A precise reproduction of every record below is needed, minus the pictures.
───
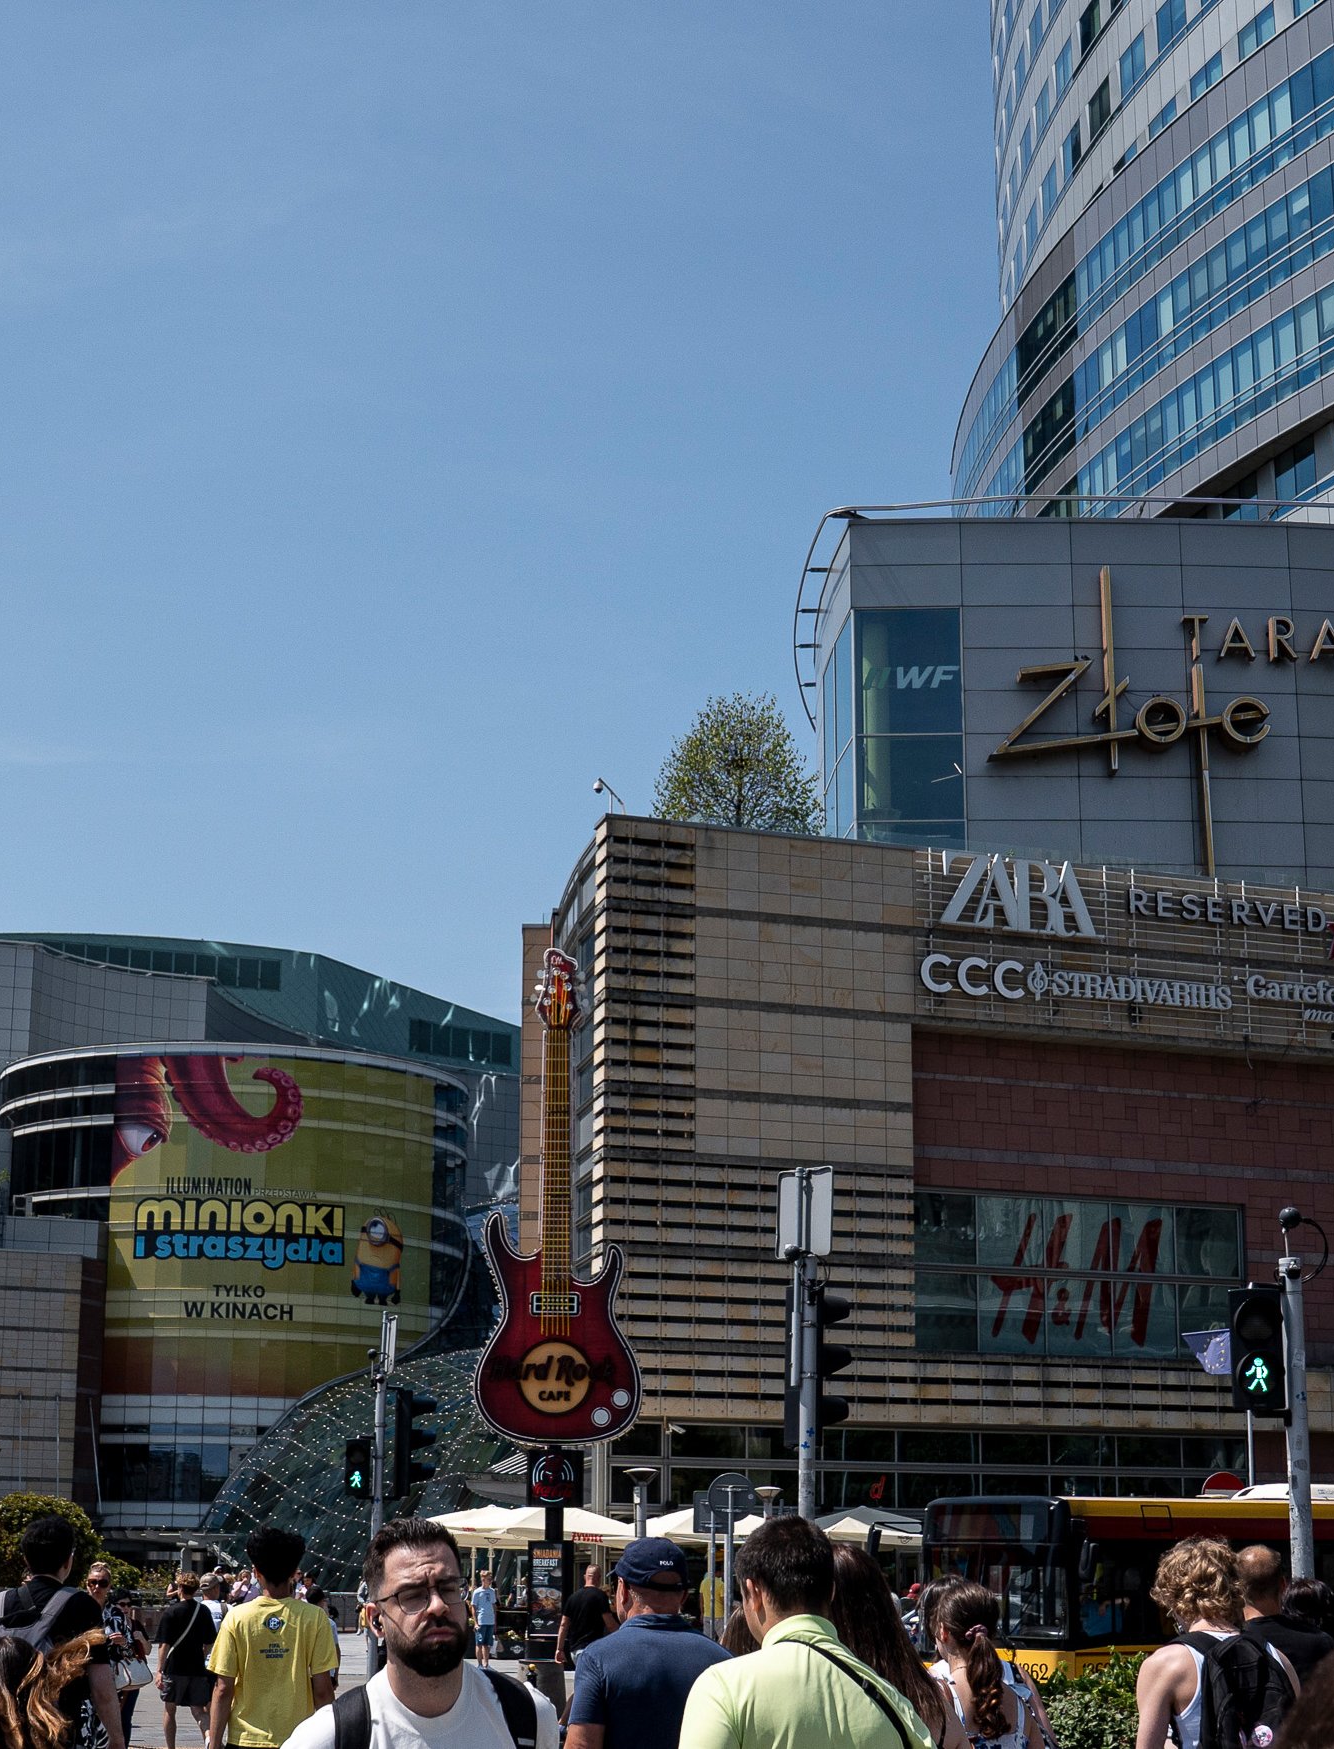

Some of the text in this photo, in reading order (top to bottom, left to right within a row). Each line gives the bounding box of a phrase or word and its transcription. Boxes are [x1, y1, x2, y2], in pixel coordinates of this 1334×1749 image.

[987, 565, 1272, 878] Złote
[940, 850, 1105, 938] ZARA
[1129, 888, 1326, 933] RESERVED
[920, 954, 1025, 1000] CCC
[1052, 970, 1233, 1011] STRADIVARIUS
[166, 1176, 252, 1196] ILLUMINATION
[254, 1187, 318, 1199] PRZEDSTAWIA
[155, 1233, 344, 1269] straszydła
[213, 1284, 266, 1298] TYLKO
[990, 1212, 1163, 1348] H&M
[184, 1301, 294, 1321] W KINACH
[538, 1390, 571, 1402] CAFE
───
◆ **Solution to this task**
Some of the text in this photo, in reading order (top to bottom, left to right within a row). Each line gives the bounding box of a phrase or word and its transcription. Boxes are [x1, y1, x2, y2], in pixel coordinates of this 1334×1749 image.

[987, 565, 1272, 878] Złote
[940, 850, 1105, 938] ZARA
[1129, 888, 1326, 933] RESERVED
[920, 954, 1025, 1000] CCC
[1052, 970, 1233, 1011] STRADIVARIUS
[166, 1176, 252, 1196] ILLUMINATION
[254, 1187, 318, 1199] PRZEDSTAWIA
[155, 1233, 344, 1269] straszydła
[213, 1284, 266, 1298] TYLKO
[990, 1212, 1163, 1348] H&M
[184, 1301, 294, 1321] W KINACH
[538, 1390, 571, 1402] CAFE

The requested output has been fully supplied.